On Mike Kelley’s Timeless Painting
by John Kazanjian
This Fall semester, Ben Fama conducted a trio of masterclasses on Art Writing for students of the MFA in Creative Writing. A component of this series included two site visits to New York galleries. On November 15th, students met at Hauser & Wirth in order to view, discuss, and write about Timeless Painting, an exhibition featuring the work of the late Mike Kelley.
Mike Kelley’s Timeless Painting exhibition is evocative for both its visualizations as well as its careful excisions, and omissions, of space, perspective, and context. It is an exercise in deconstructing meaning and innovating new ways of initiating dialogue between art and the unconscious.
By depicting only portions of images in a series of sketches, he isolates a dramatic and emotional narrative that guides the viewer’s own pathos into a discussion with the perceivable world’s malleable truths. Near the sketches, he projects the original inspiring images in their entirety onto large screens. But where one would expect clarity and objectivity, the projections zoom in, turn, and blur. The resulting effect is unrooted and dreamlike. The sketches of the incomplete images then seem to represent the barely accessible memories of the unconscious experience.

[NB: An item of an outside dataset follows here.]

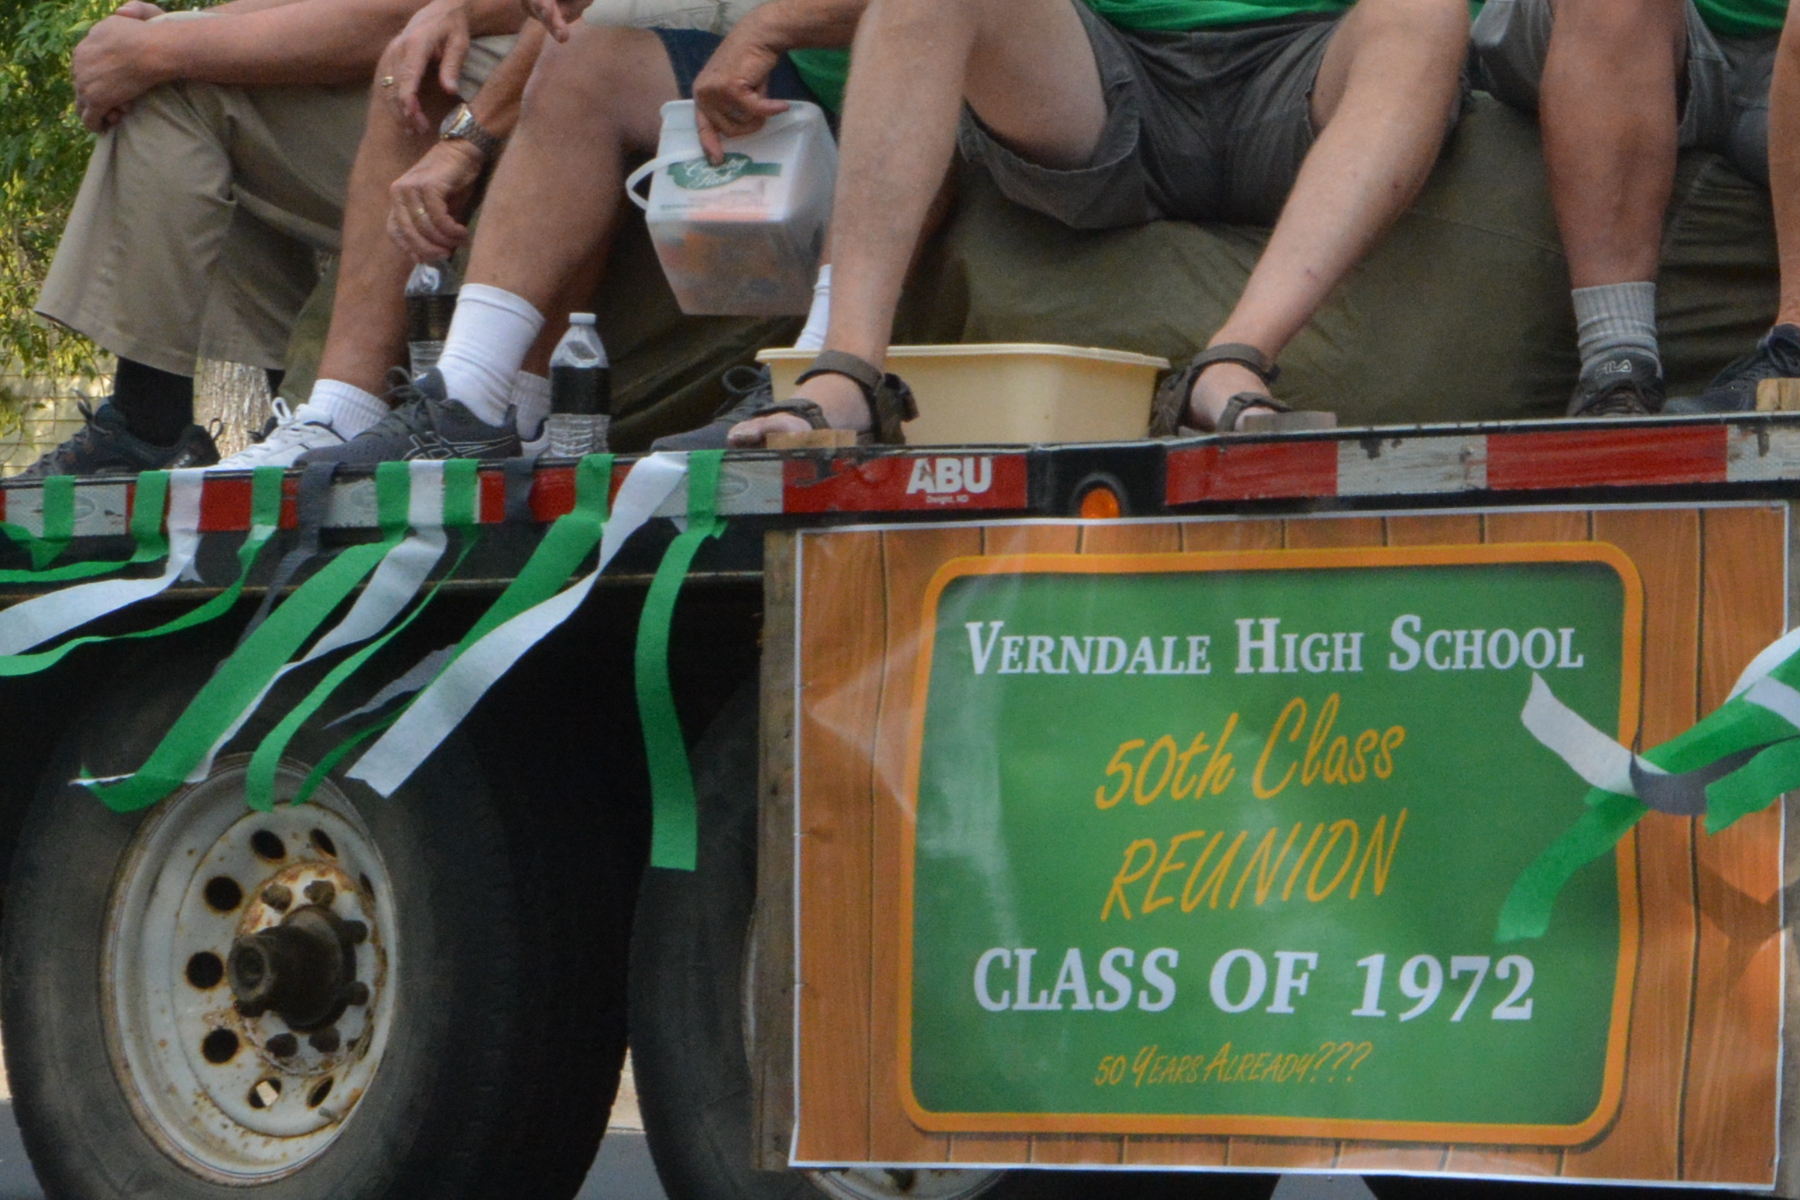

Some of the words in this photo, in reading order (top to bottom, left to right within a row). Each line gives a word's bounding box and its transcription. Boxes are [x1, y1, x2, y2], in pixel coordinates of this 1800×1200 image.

A series of paintings portrays images of nature and elements of human development. There is a snake and donkey. A nearly naked woman stands with piercing eyes. A child’s face is placed above the face of an adult. A furry creature smiles. Each depiction is rendered uncanny and impotent through stylization in the fashion of collage and caricature. This effect removes the accustomed sets of associations these images would otherwise imply. The donkey and snake are rendered cartoon-like with exaggerations and bright color schemes. The child’s face is set angelically, and the adult face below it is mirrored and shaded green, suggesting a lost primary relationship. The naked woman is painted with black lines and appears almost transparently. The furry creature’s face is combined with violently placed lines of paint, combining innocence with chaos. Kelley dulls the cobra’s teeth by exaggerating it, but the result is a more predatory implication of meaninglessness.
In a series of covers for the defunct magazine Sex to Sexty, Kelley displays scenes of human behavior stripped down to base biological motivations. People are shown doing commonplace things through the lenses of blunt sexuality and defecation. Images of people fornicating are flanked by animals doing the same, but anthropomorphized with human anxieties.
Nothing is sacred here. Kelley removes culture’s ethical norms in order to define them as a thin veneer.
The final group of paintings presents sections of textures. They are close views of commonplace materials that a child might see during times of emotional duress, such as a piece of fabric, a patch of carpet, and the grain of a painted door. The world shrinks to a single spot — a desperate search for sanctuary. Trauma and abuse are mentioned as some of Kelley’s themes.
These pieces suggest the heartbreaking default mindfulness of a child in trauma. This is perhaps the starting point from which the exhibition posits the notion that truth lies not in the uncovering of hidden things, but in the hiding itself.